RECORDS
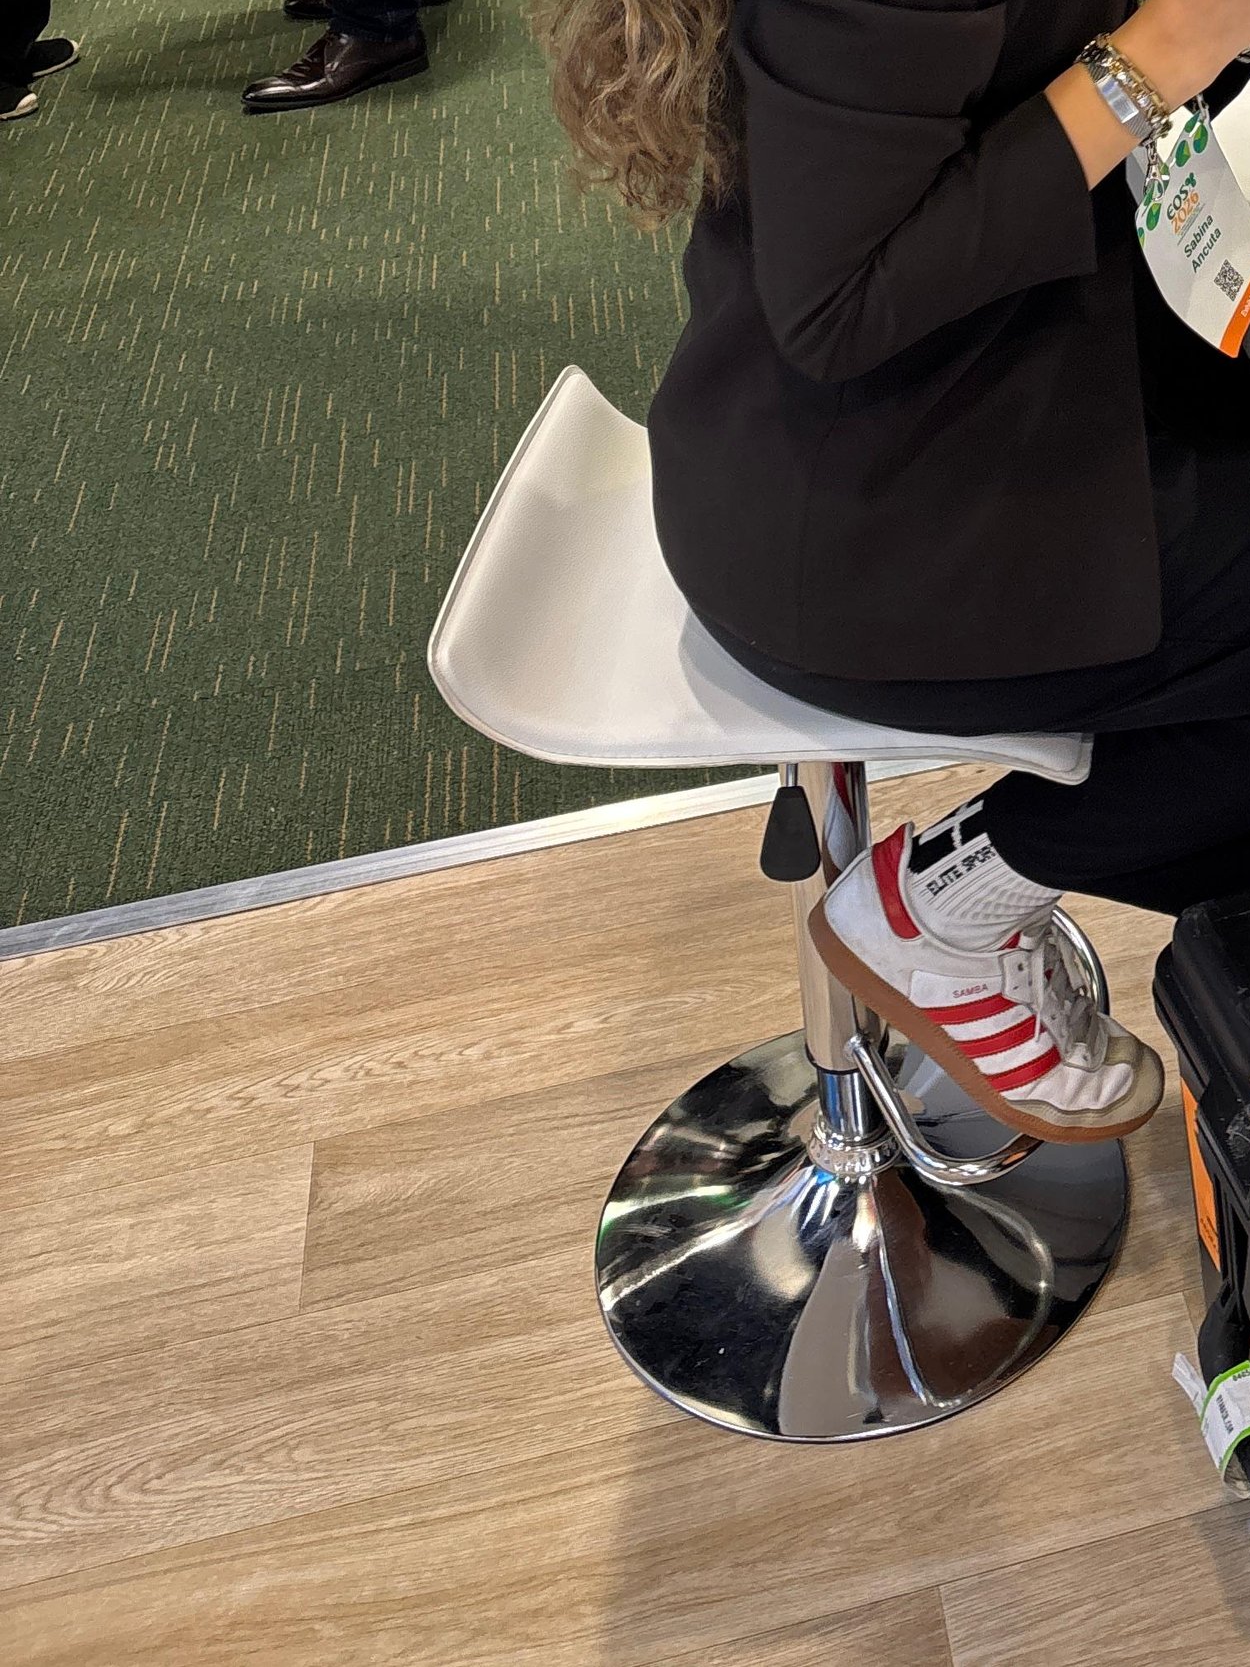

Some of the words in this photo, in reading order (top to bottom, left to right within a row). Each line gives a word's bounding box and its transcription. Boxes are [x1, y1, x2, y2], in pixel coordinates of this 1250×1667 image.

[1167, 184, 1189, 221] EOS
[1171, 190, 1202, 235] 2026
[1184, 214, 1214, 259] Sabina
[1191, 227, 1223, 274] Ancuta
[926, 865, 963, 896] ELITE
[952, 983, 988, 999] SAMBA
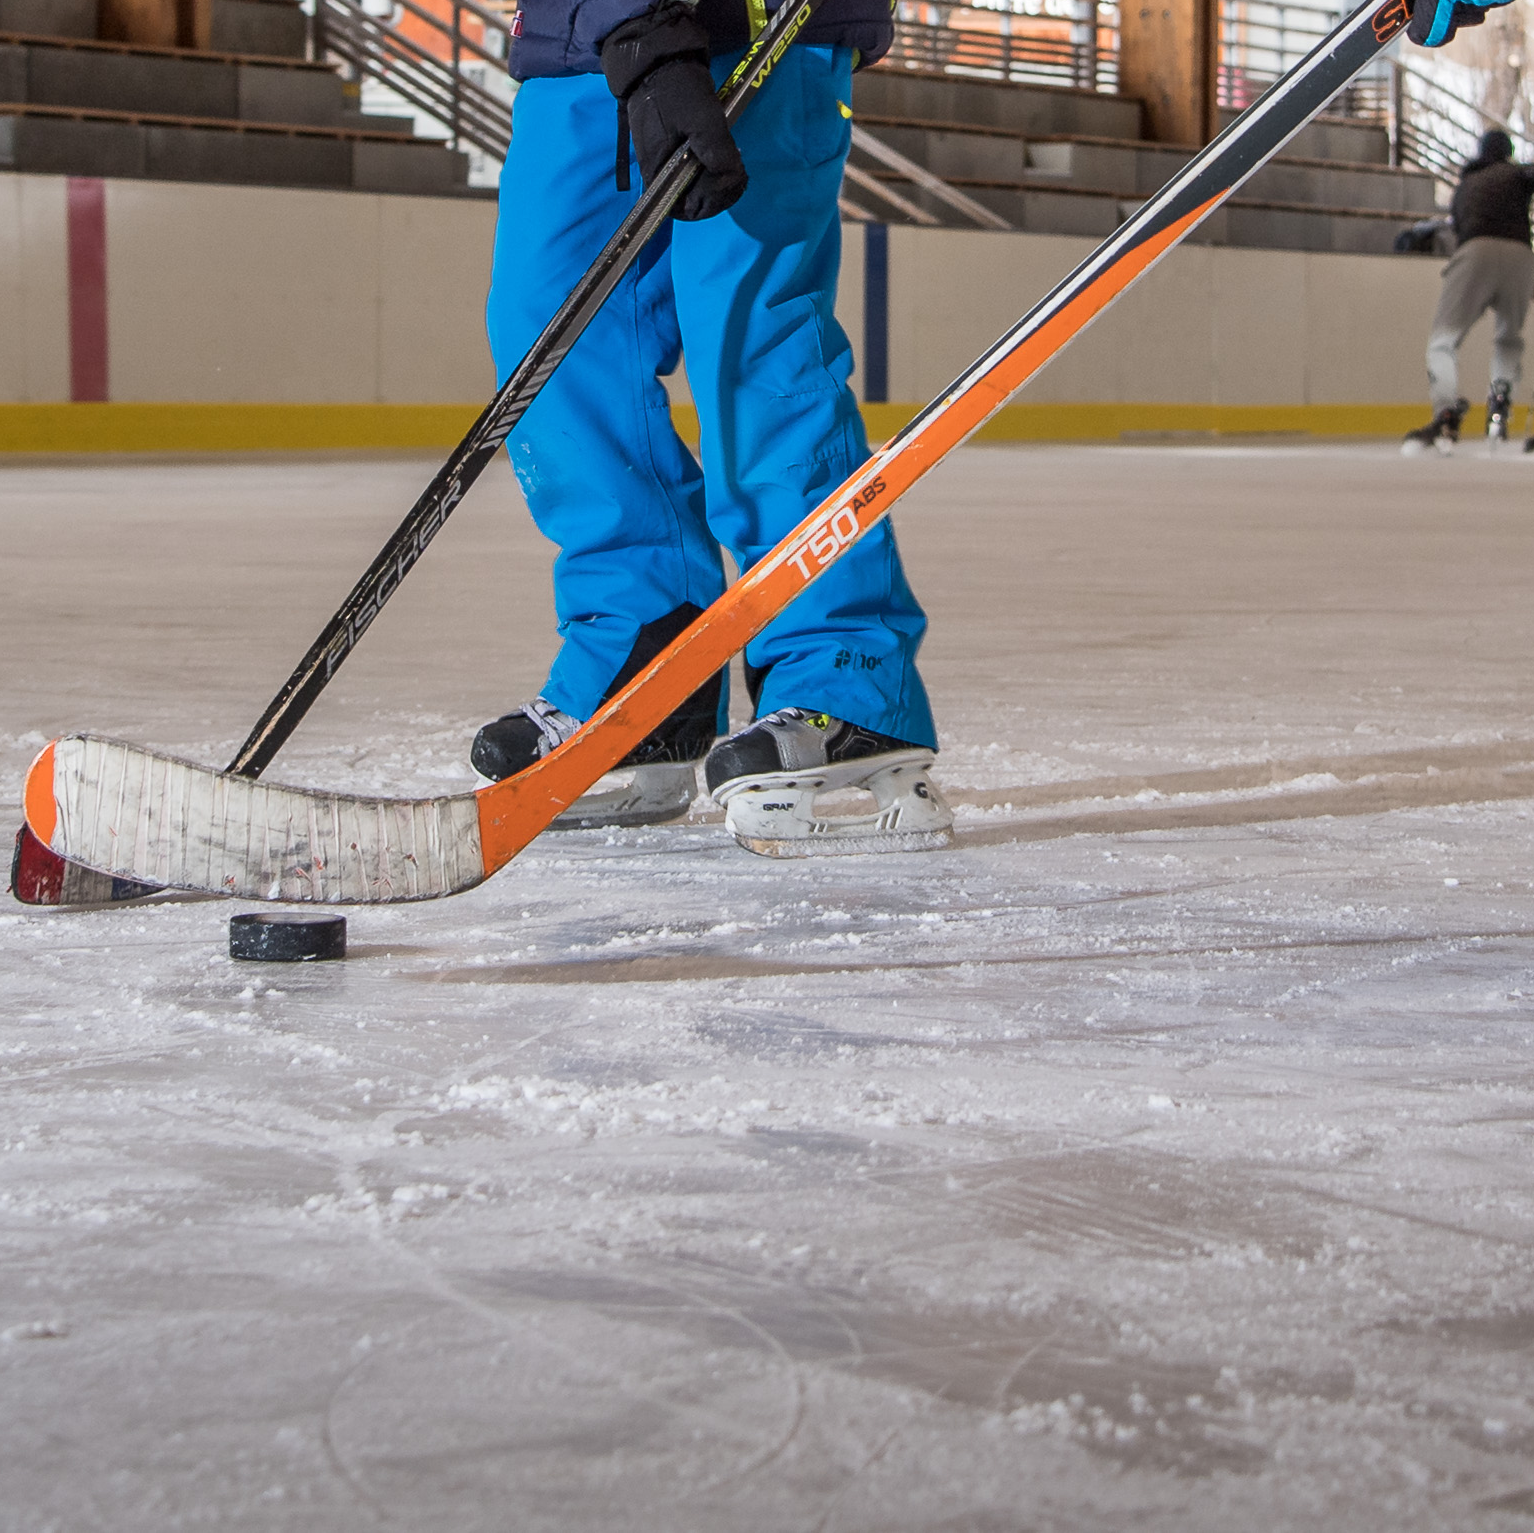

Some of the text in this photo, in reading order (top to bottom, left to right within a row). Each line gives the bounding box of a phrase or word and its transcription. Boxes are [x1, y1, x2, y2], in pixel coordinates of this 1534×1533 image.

[751, 3, 812, 89] W250
[787, 476, 887, 580] T50 ABS
[324, 479, 463, 680] FISCHER
[762, 802, 795, 812] GRAF
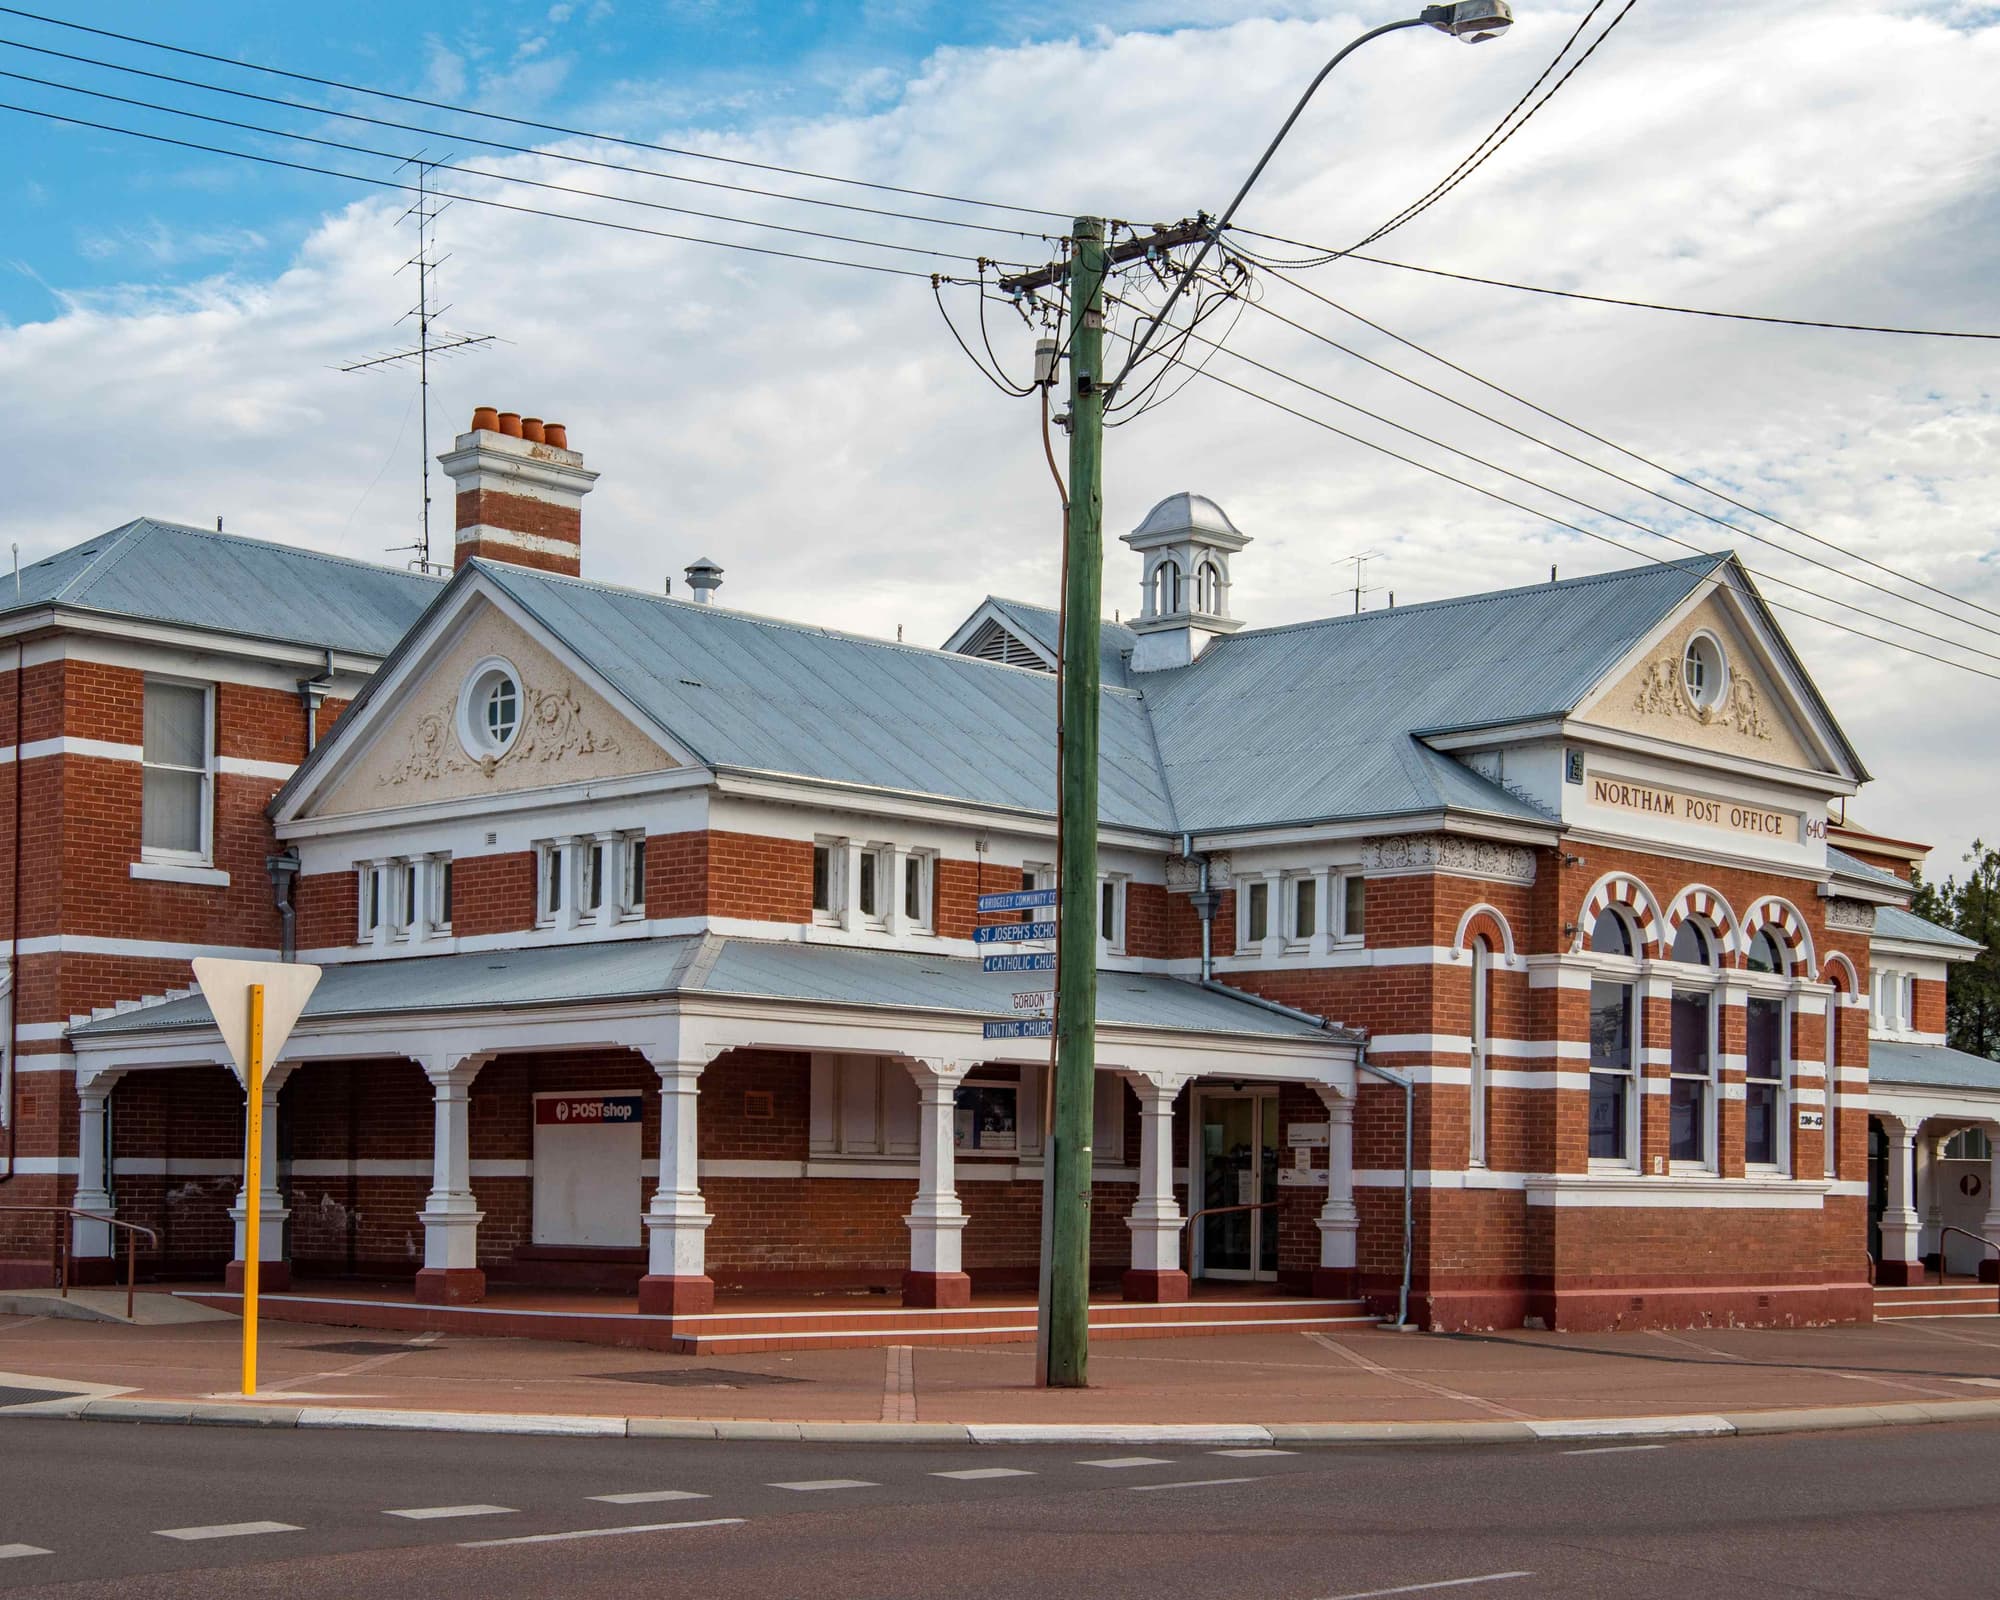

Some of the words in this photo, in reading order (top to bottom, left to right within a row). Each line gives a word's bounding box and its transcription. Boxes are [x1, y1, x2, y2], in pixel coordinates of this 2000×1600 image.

[1595, 781, 1674, 815] NORTHAM
[1686, 799, 1720, 823] POST
[1731, 808, 1782, 834] OFFICE
[1015, 893, 1046, 906] COMMUNITY
[981, 928, 990, 941] ST
[992, 926, 1030, 941] JOSEPH'S
[1033, 923, 1056, 938] SCHO
[992, 956, 1031, 970] CATHOLIC
[1013, 993, 1045, 1009] GORDON
[986, 1023, 1020, 1037] UNITING
[572, 1102, 632, 1120] POSTshop

EXERCISE DIRECTIONS
Reproduce the material in its entirety and word for word, without the pictures.

RESPONSE BOX
Some of the words in this photo, in reading order (top to bottom, left to right within a row). Each line gives a word's bounding box and its transcription. Boxes are [x1, y1, x2, y2], in pixel coordinates of this 1250×1667 image.

[1167, 184, 1189, 221] EOS
[1171, 190, 1202, 235] 2026
[1184, 214, 1214, 259] Sabina
[1191, 227, 1223, 274] Ancuta
[926, 865, 963, 896] ELITE
[952, 983, 988, 999] SAMBA

Some of the text in this photo, in reading order (top to bottom, left to right within a row). Each line gives the bounding box of a phrase or word and its transcription. Boxes are [x1, y1, x2, y2], in pixel coordinates of this 1534×1533 image.

[751, 3, 812, 89] W250
[787, 476, 887, 580] T50 ABS
[324, 479, 463, 680] FISCHER
[762, 802, 795, 812] GRAF

Some of the words in this photo, in reading order (top to bottom, left to right within a row). Each line gives a word's bounding box and its transcription. Boxes are [x1, y1, x2, y2], in pixel coordinates of this 2000×1600 image.

[1595, 781, 1674, 815] NORTHAM
[1686, 799, 1720, 823] POST
[1731, 808, 1782, 834] OFFICE
[1015, 893, 1046, 906] COMMUNITY
[981, 928, 990, 941] ST
[992, 926, 1030, 941] JOSEPH'S
[1033, 923, 1056, 938] SCHO
[992, 956, 1031, 970] CATHOLIC
[1013, 993, 1045, 1009] GORDON
[986, 1023, 1020, 1037] UNITING
[572, 1102, 632, 1120] POSTshop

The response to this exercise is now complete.